**What needs to be done**
Transcribe the records below word for word, leaving every picture out.

**Entries provided**
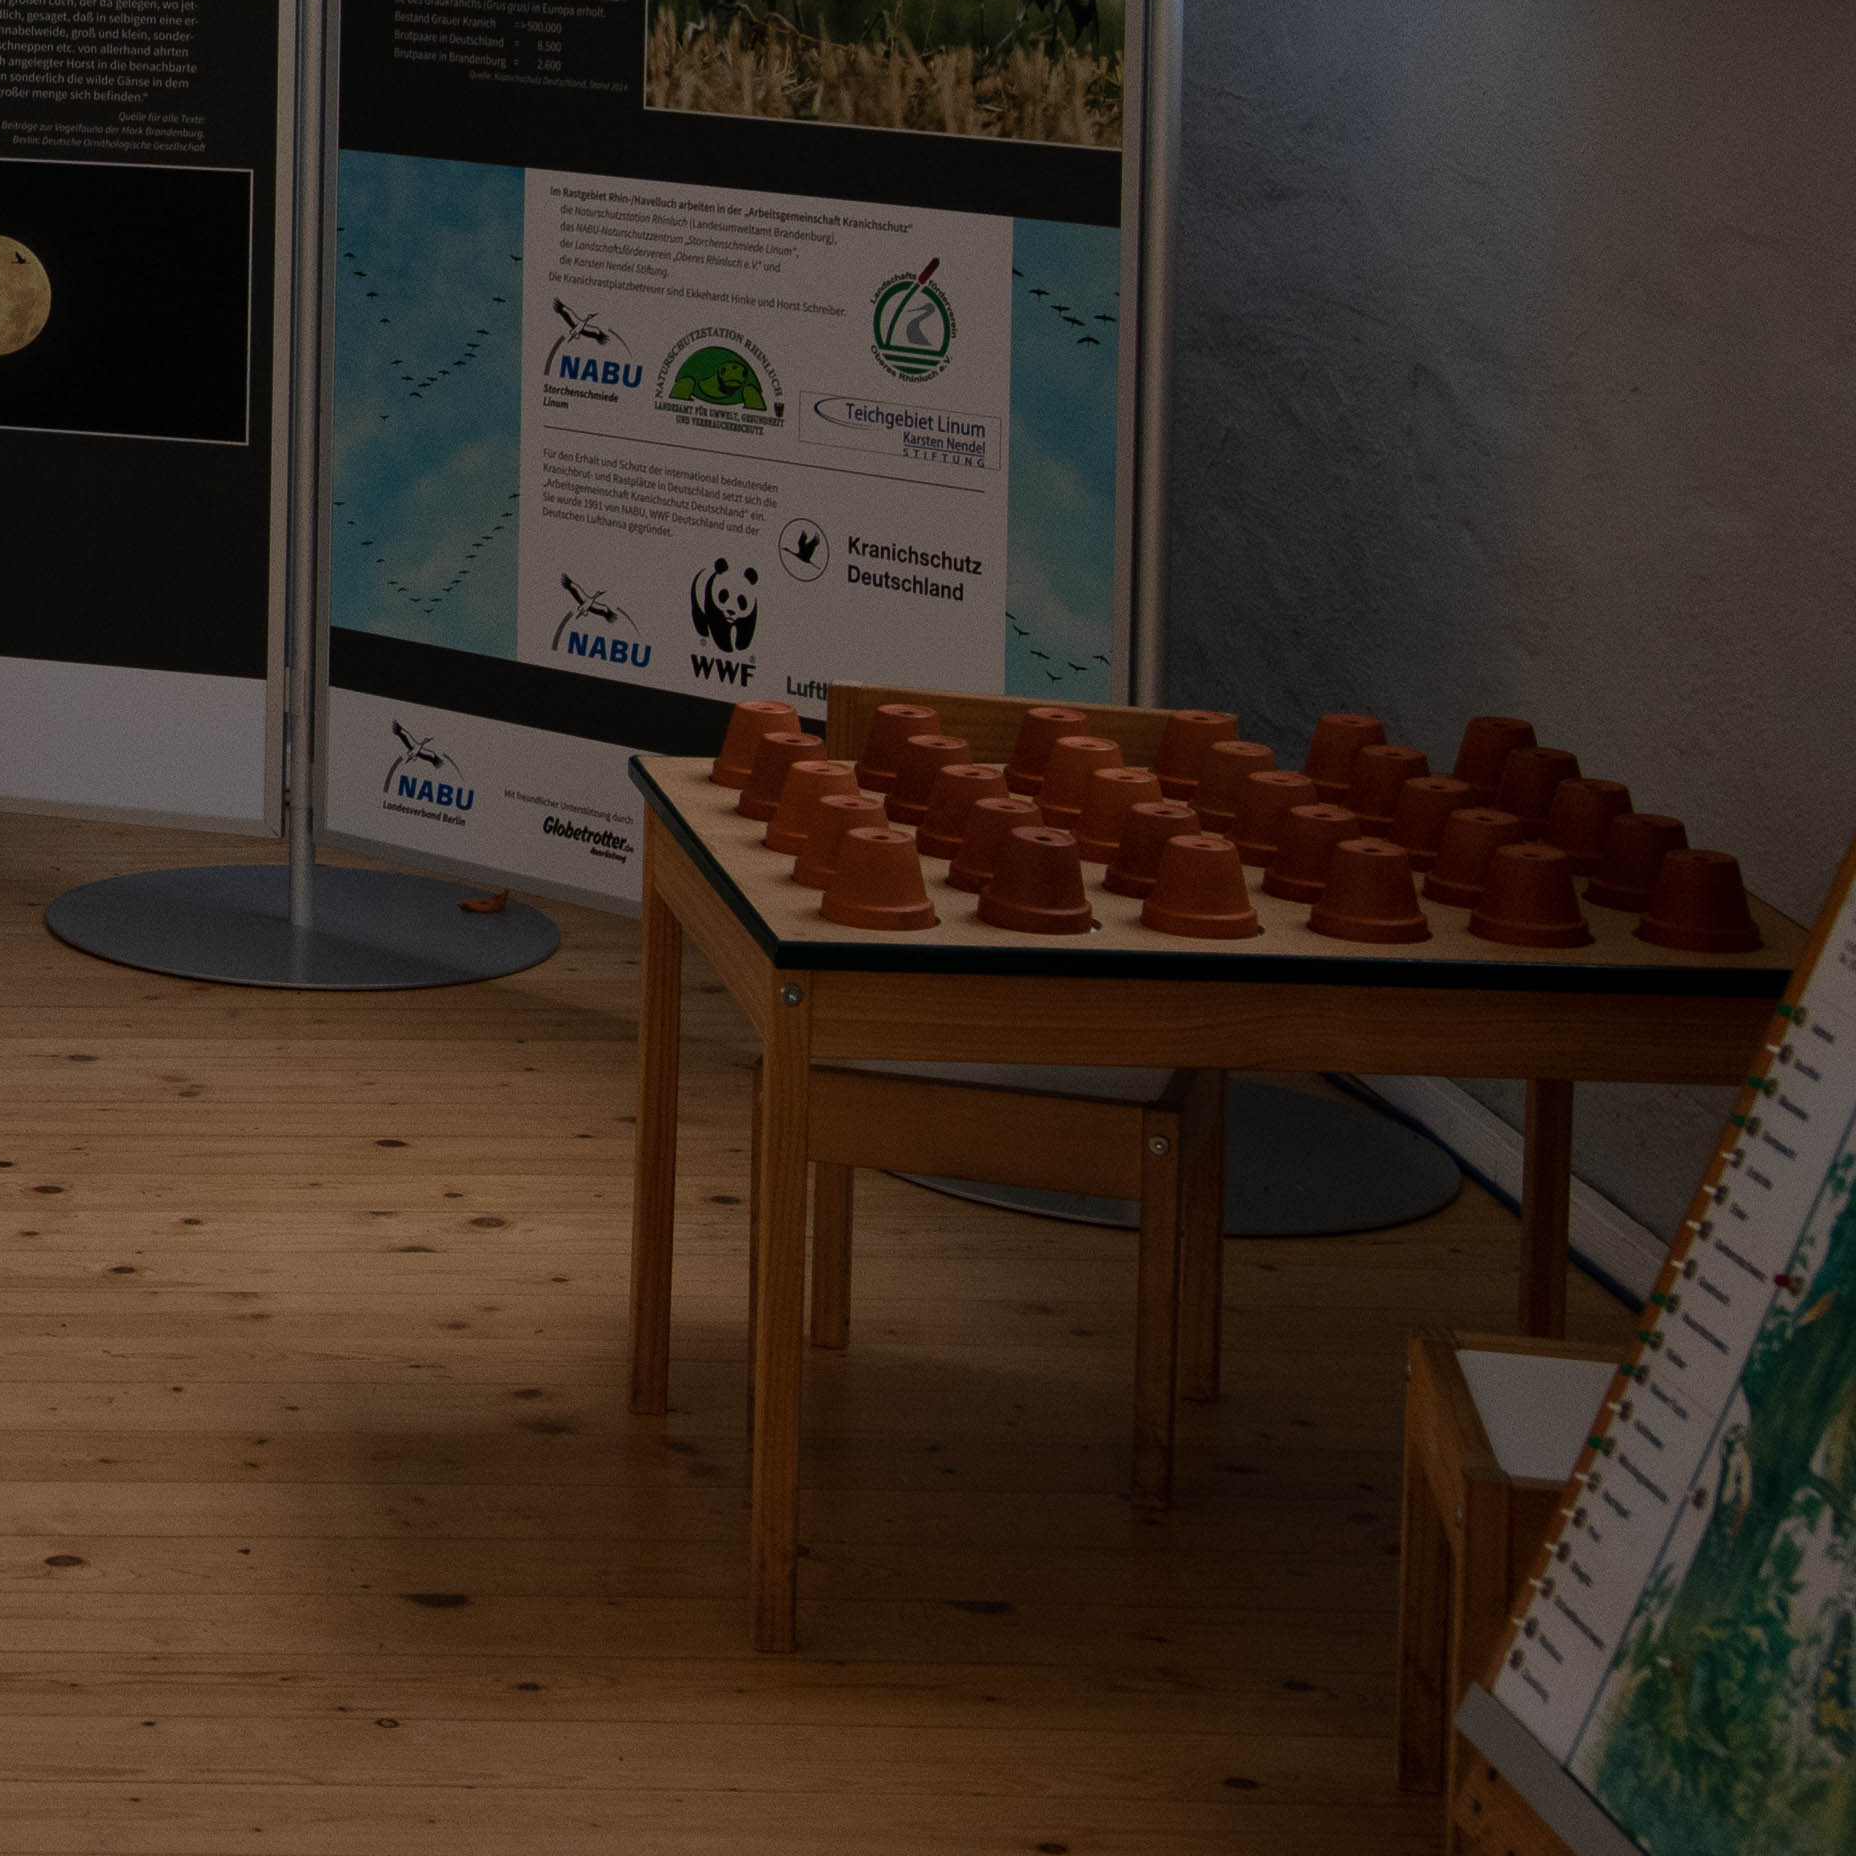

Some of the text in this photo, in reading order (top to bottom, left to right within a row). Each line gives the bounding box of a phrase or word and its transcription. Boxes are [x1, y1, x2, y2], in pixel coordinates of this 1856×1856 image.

[559, 355, 643, 388] NABU
[655, 326, 744, 399] NATURSCHUTZSTATION
[543, 383, 619, 403] Storchenschmiede
[543, 396, 569, 409] Linum
[845, 402, 985, 438] Teichgebiet Linum
[902, 431, 985, 454] Karsten Nendel
[848, 535, 983, 576] Kranichschutz
[847, 564, 964, 601] Deutschland
[567, 631, 652, 668] NABU
[690, 653, 757, 687] WWF
[398, 775, 475, 811] NABU
[382, 799, 466, 827] Landesverband Berlin

**Task output**
Some of the text in this photo, in reading order (top to bottom, left to right within a row). Each line gives the bounding box of a phrase or word and its transcription. Boxes are [x1, y1, x2, y2], in pixel coordinates of this 1856×1856 image.

[559, 355, 643, 388] NABU
[655, 326, 744, 399] NATURSCHUTZSTATION
[543, 383, 619, 403] Storchenschmiede
[543, 396, 569, 409] Linum
[845, 402, 985, 438] Teichgebiet Linum
[902, 431, 985, 454] Karsten Nendel
[848, 535, 983, 576] Kranichschutz
[847, 564, 964, 601] Deutschland
[567, 631, 652, 668] NABU
[690, 653, 757, 687] WWF
[398, 775, 475, 811] NABU
[382, 799, 466, 827] Landesverband Berlin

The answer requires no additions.